It may however, still be on your drive. Shutdown your Tivo leaving it off until you are ready to connect the drive again. disconnect the esata drive connect it to PC via usb and see if it is still there.


----------



## A-1 (Mar 12, 2007)

transfer in progress...............


----------



## fred2 (Jan 20, 2006)

Thanks for reminding me, A-1, that I want to connect to my computer first and copying the initial software to my computer and then running some of the settings before hooking it up to the Tivo. 

And, yes, mine is still UNopened waiting for more results to come in. I've now read of a few sudden spontaneous reboots with the FreeAgent Pro.

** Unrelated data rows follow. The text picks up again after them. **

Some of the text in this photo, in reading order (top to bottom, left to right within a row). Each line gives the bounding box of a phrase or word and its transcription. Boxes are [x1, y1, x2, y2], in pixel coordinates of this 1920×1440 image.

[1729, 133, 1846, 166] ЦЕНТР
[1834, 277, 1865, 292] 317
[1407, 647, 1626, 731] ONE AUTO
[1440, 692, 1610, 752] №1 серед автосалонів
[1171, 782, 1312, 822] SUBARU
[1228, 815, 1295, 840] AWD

Of course, the fact that the esata port is basically been UNtested since it was NOT available prior, means that some folks might actually have problems on the tivo hardware, software or the external drives. I guess all of these folks are BETA testing for Tivo.


----------



## A-1 (Mar 12, 2007)

You may need to divorce the drive then make the settings changes on your pc to the drive then run the kickstart again. Because my setup prior to connecting to the tivo i was able to tell the drive which setting i wanted and they have not changed. I am basing my findings on the fact that when i reconnect my esata drive back to my system the settings i chose are still selected and they are not the default of the drive.


----------



## oldnacl (Mar 23, 2007)

I have a 320 GB drive in an enclosure I bought from NewEgg about a year ago. It was connected to a SA 8300HD and I had frequent pixelation problems so I took it off. I connected to to the TiVo and so far, minimal pixelation (about the same frequency as without the drive connected and way less than I ever saw with the 8300), no reboots other than for an upgrade to 8.3 software. I just ordered a 750 FreeAgent Pro and when it arrives I'll connect it and compare results.


----------



## fred2 (Jan 20, 2006)

A-1 or others using FreeAgent

I finally unwrapped it. Took a few PAUSE-62 tries to get it recognized - probably a bad cable.

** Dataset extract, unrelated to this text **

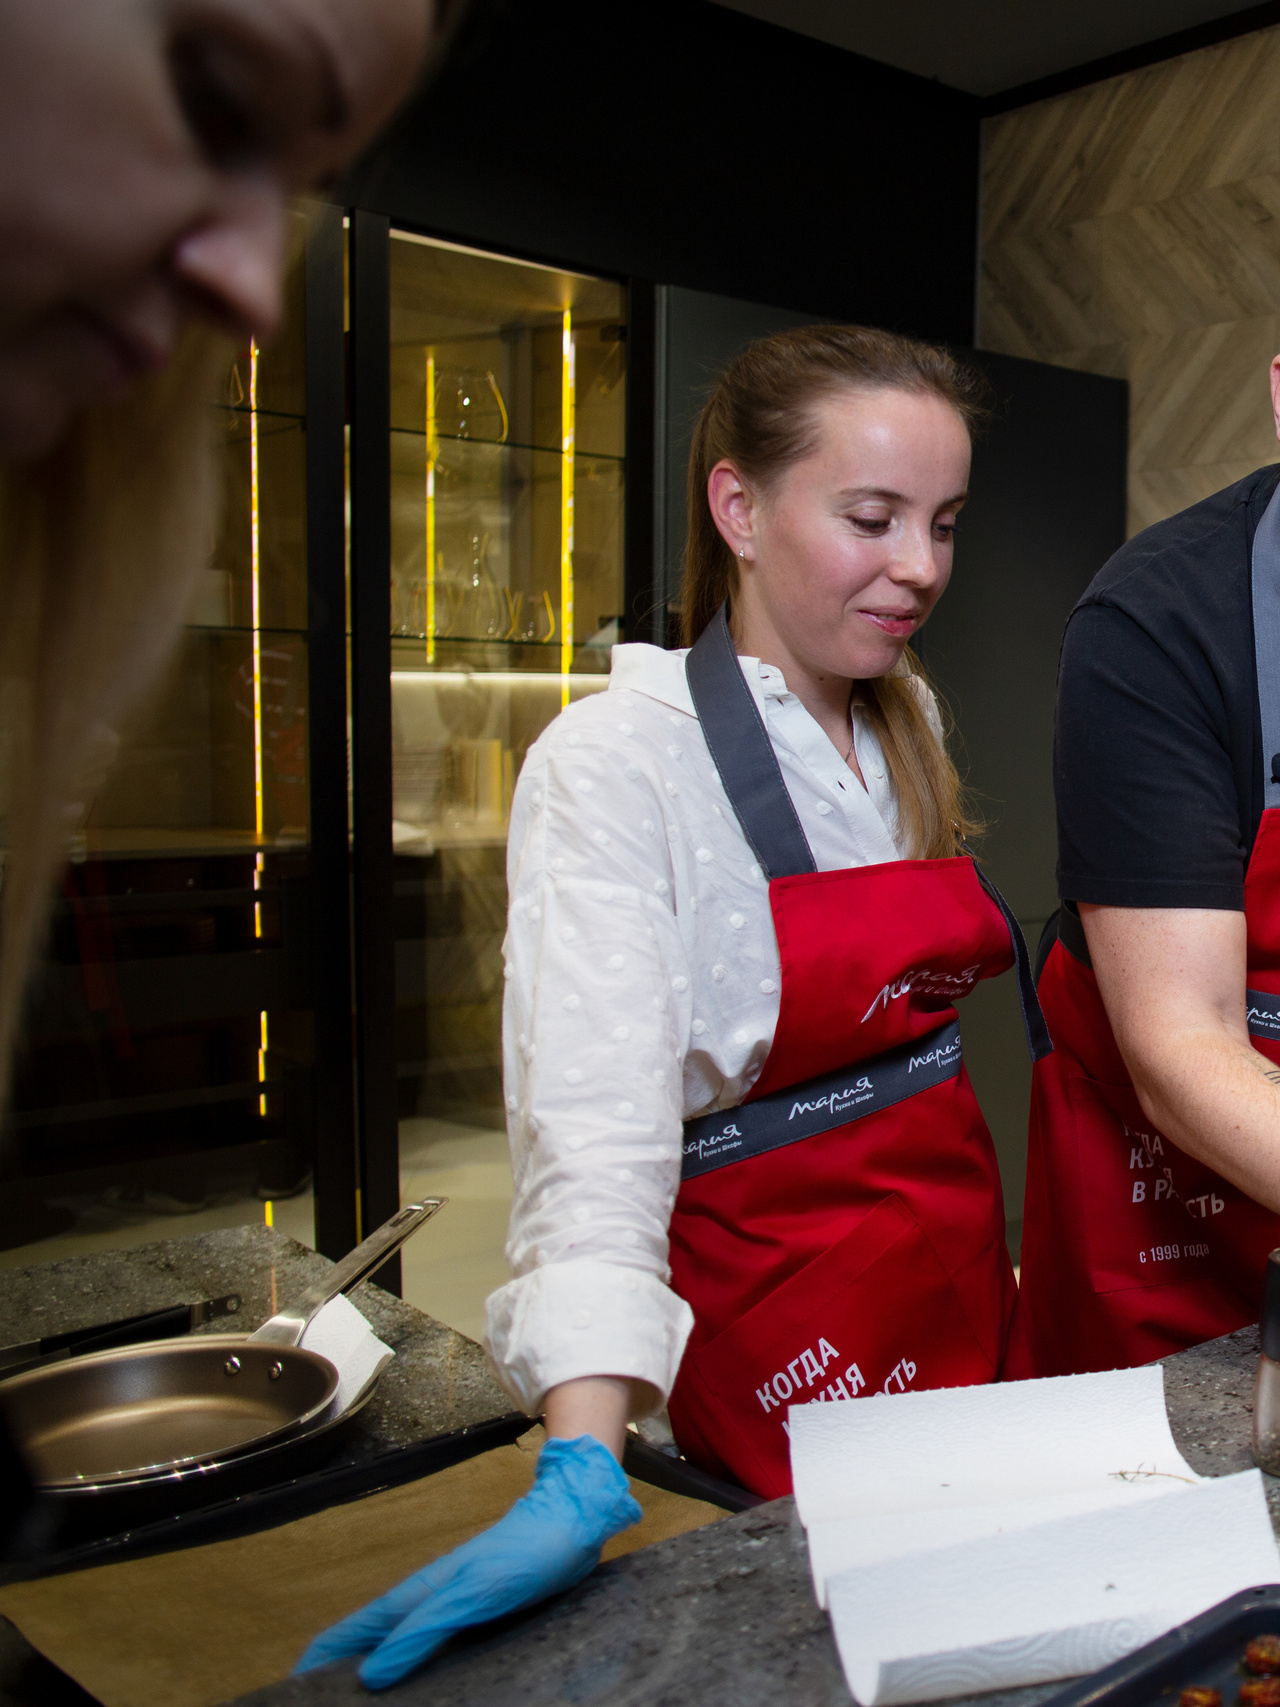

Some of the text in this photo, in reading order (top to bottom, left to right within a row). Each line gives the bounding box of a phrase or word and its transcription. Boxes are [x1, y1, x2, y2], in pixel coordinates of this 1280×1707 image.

Question: When UNplugged (simulating power failure), the drive did not come back on unless I pressed its ON-button on the base. Now maybe that was before I got the cable/drive recognized. 

Do you know if the FreeAgent will automatically turn on withOUT using that Power-ON button if the cabling is correct?

I guess before I get too far into things, I can try again but if someone knows....

Thanks in advance


----------



## fred2 (Jan 20, 2006)

Eric_M

Thanks for your response although I'm not sure I like the second part of it. One would want to know that the device works and keeps on working and does not cause faults.

I am beginning to wonder about these "EASY" cable connections like the esata, usb, hdmi, etc. They are easily disconnected unlike the larger but more secure serial and parallel cables of old. Actually, the cable I got from Monoprice almost would not stay in the Freeagent socket but seemed pretty firm in the Tivo. I finally dremelled away some plastic and it stayed in.


----------



## fred2 (Jan 20, 2006)

Well, before I had committed too many shows to the FreeAgent, I pulled the plug on the Tivo and FreeAgent (FA) (well, turned off the surge protector bar) and everything went black like a power failure. Pushed the surge switch to turn things back on. Tivo started its powerup sequence and the FA's orange light turned on automatically. Tivo did its thing and Settings/Account info shows that I still have a FA attached and adding to my storage capacity.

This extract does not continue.